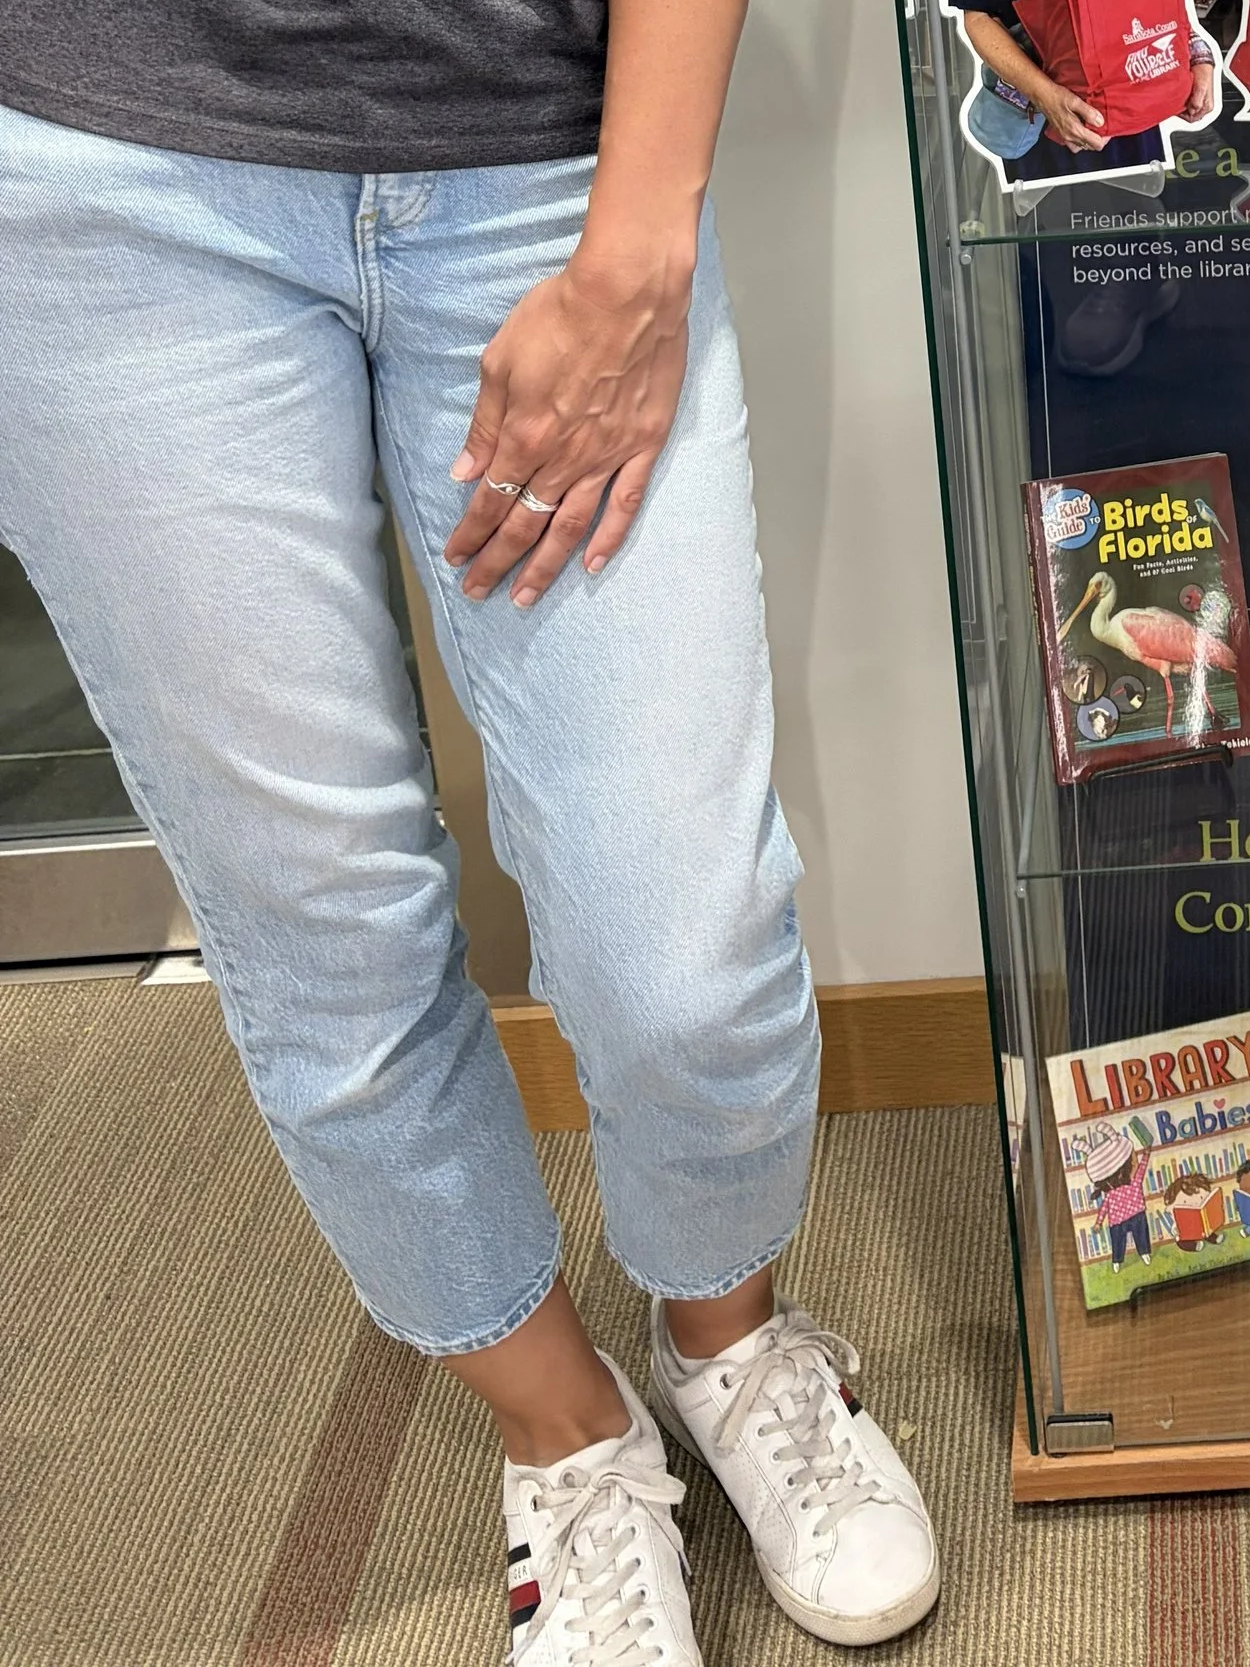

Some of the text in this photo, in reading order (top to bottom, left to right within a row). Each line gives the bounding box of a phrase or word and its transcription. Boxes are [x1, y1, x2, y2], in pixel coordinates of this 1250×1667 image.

[1149, 60, 1180, 78] LIBRARY
[1216, 146, 1242, 175] a
[1070, 210, 1149, 231] Friends
[1155, 206, 1238, 230] support
[1072, 237, 1178, 262] resources,
[1184, 235, 1225, 253] and
[1073, 261, 1153, 285] beyond
[1158, 260, 1193, 279] the
[1103, 493, 1198, 531] Birds OF
[1047, 517, 1101, 540] Guide TO
[1099, 523, 1213, 563] Florida
[1133, 563, 1145, 571] Fun
[1139, 570, 1151, 578] and
[1161, 567, 1176, 575] Cool
[1177, 565, 1193, 573] Birds
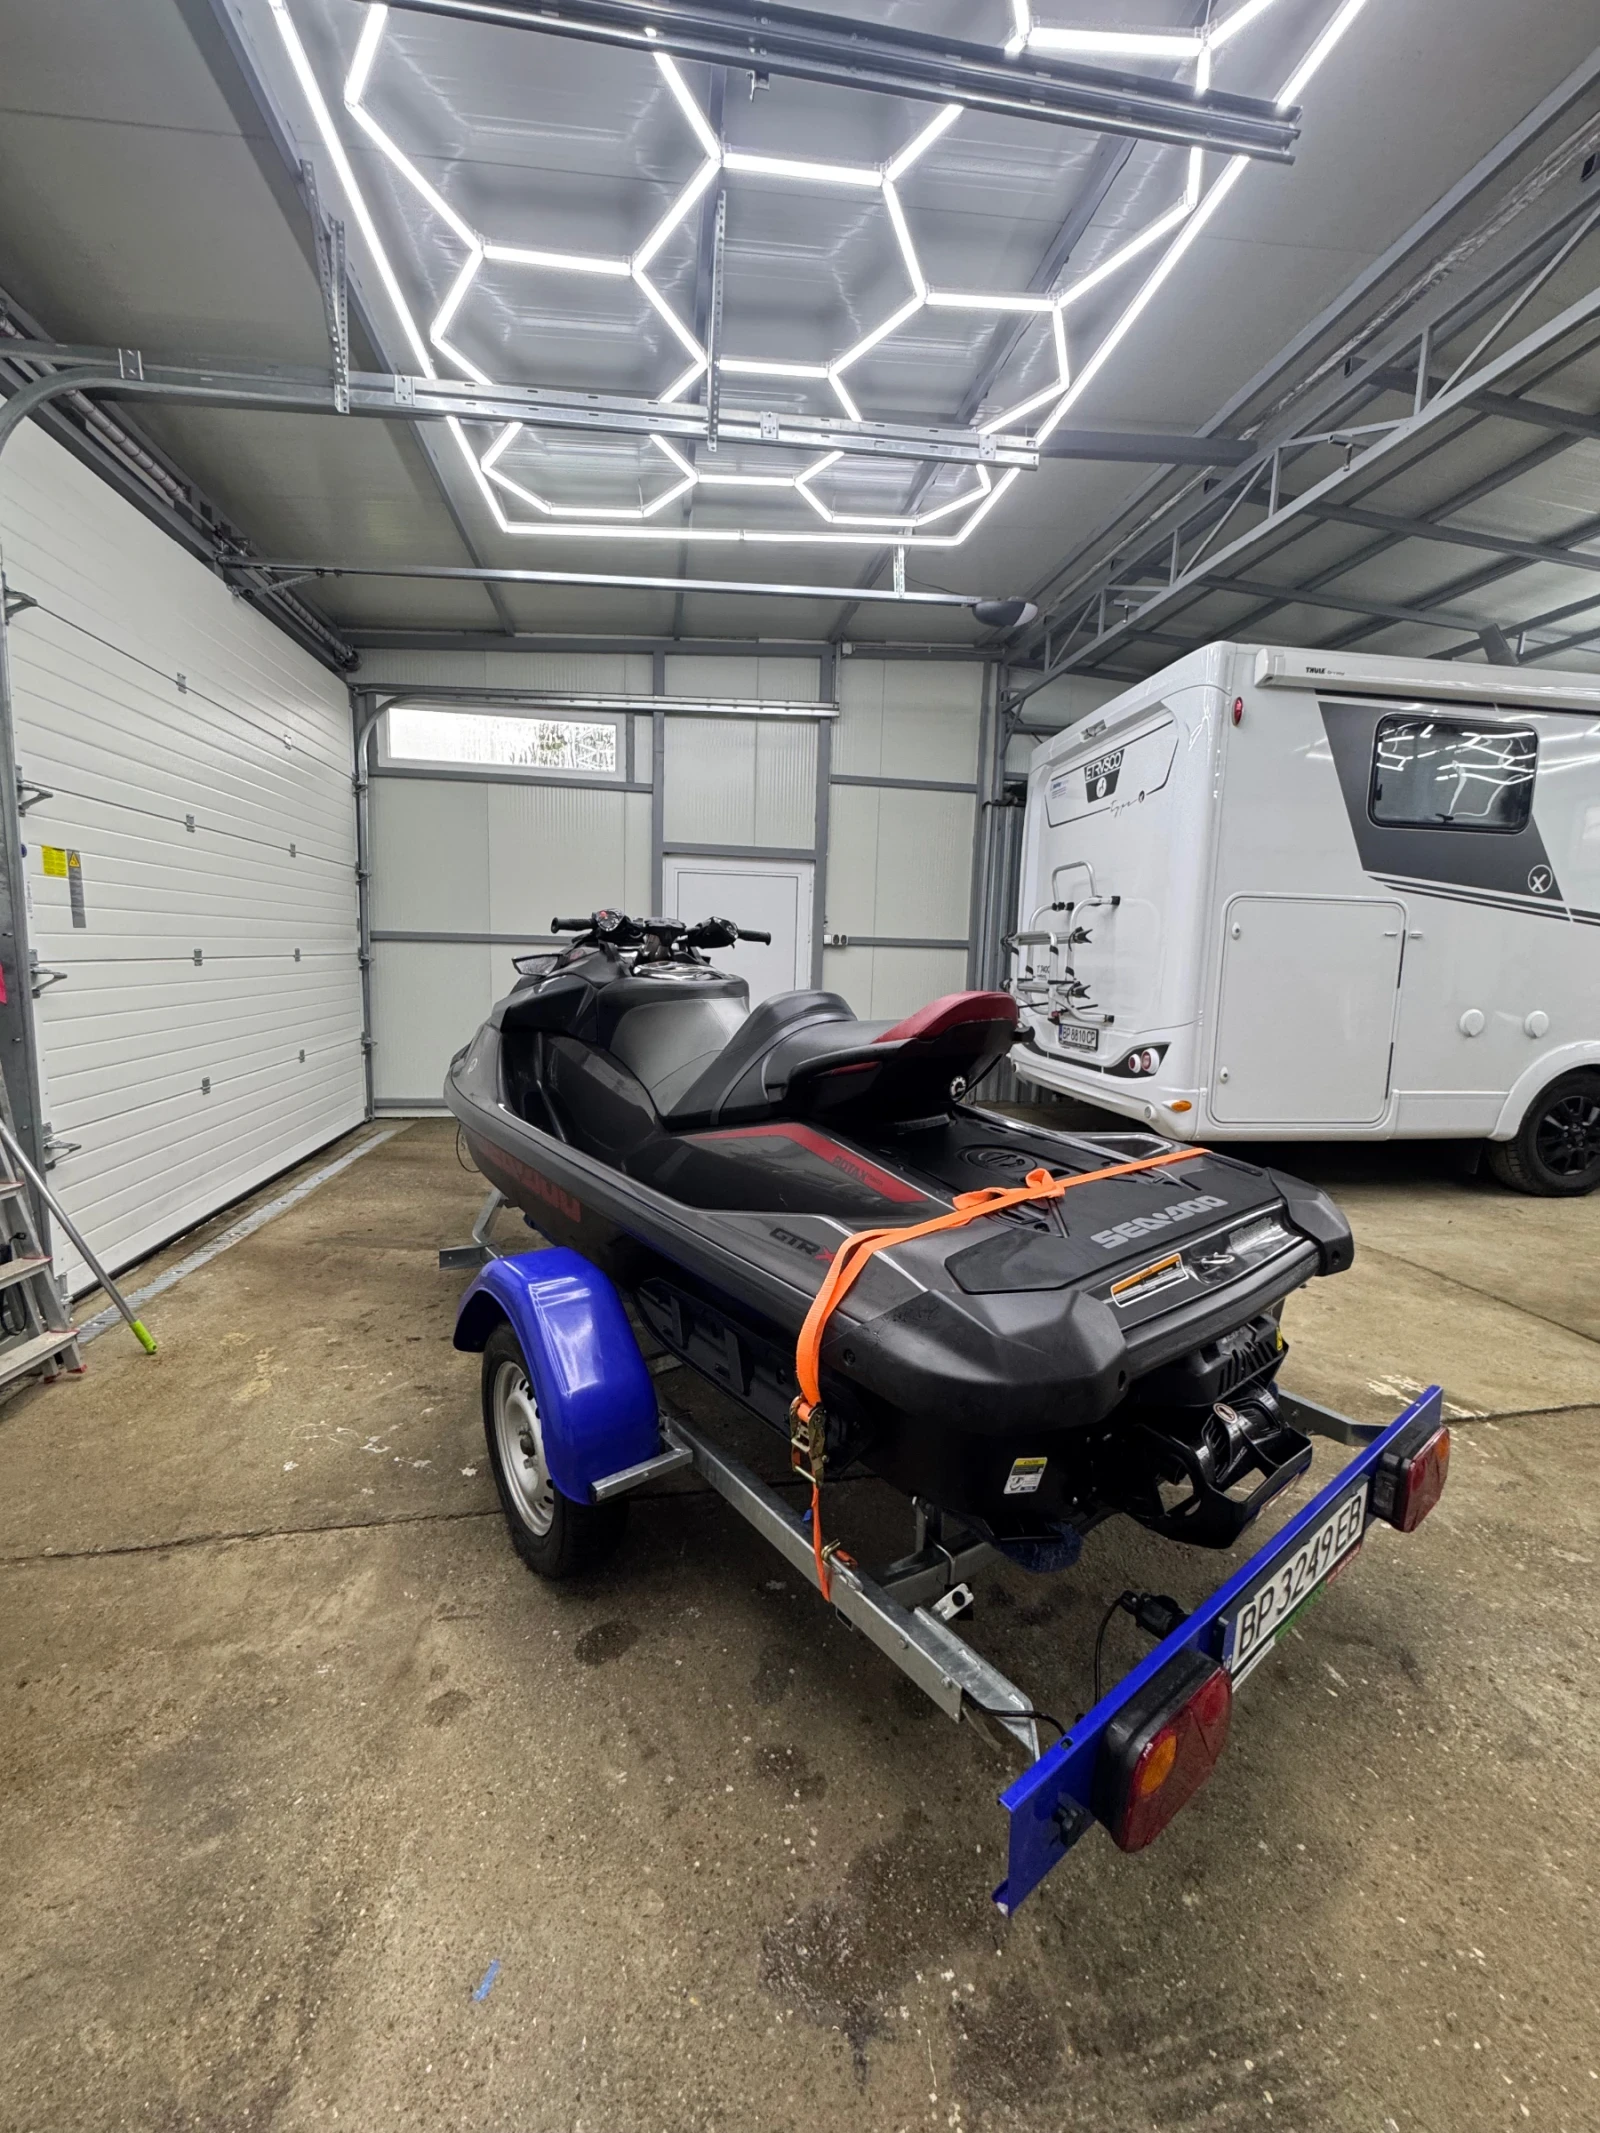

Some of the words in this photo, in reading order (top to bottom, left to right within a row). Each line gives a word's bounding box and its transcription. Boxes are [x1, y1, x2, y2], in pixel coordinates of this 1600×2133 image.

[1305, 666, 1326, 675] THULE
[832, 1155, 868, 1182] ROTAX
[1276, 1525, 1334, 1616] 3249

..............................

> What the task requires
The whole listing should be transcribed exactly, though its pictures must be left out.

> Answer space
Some of the text in this photo, in reading order (top to bottom, left to right within a row). Each line gives the bounding box of a phrase or word and its transcription. Boxes are [x1, y1, x2, y2], in pixel coordinates of this 1250×1667 image.

[1149, 60, 1180, 78] LIBRARY
[1216, 146, 1242, 175] a
[1070, 210, 1149, 231] Friends
[1155, 206, 1238, 230] support
[1072, 237, 1178, 262] resources,
[1184, 235, 1225, 253] and
[1073, 261, 1153, 285] beyond
[1158, 260, 1193, 279] the
[1103, 493, 1198, 531] Birds OF
[1047, 517, 1101, 540] Guide TO
[1099, 523, 1213, 563] Florida
[1133, 563, 1145, 571] Fun
[1139, 570, 1151, 578] and
[1161, 567, 1176, 575] Cool
[1177, 565, 1193, 573] Birds

Some of the words in this photo, in reading order (top to bottom, left to right within a row). Each line gives a word's bounding box and its transcription. Boxes are [x1, y1, x2, y2], in pixel coordinates of this 1600×2133 image.

[1305, 666, 1326, 675] THULE
[832, 1155, 868, 1182] ROTAX
[1276, 1525, 1334, 1616] 3249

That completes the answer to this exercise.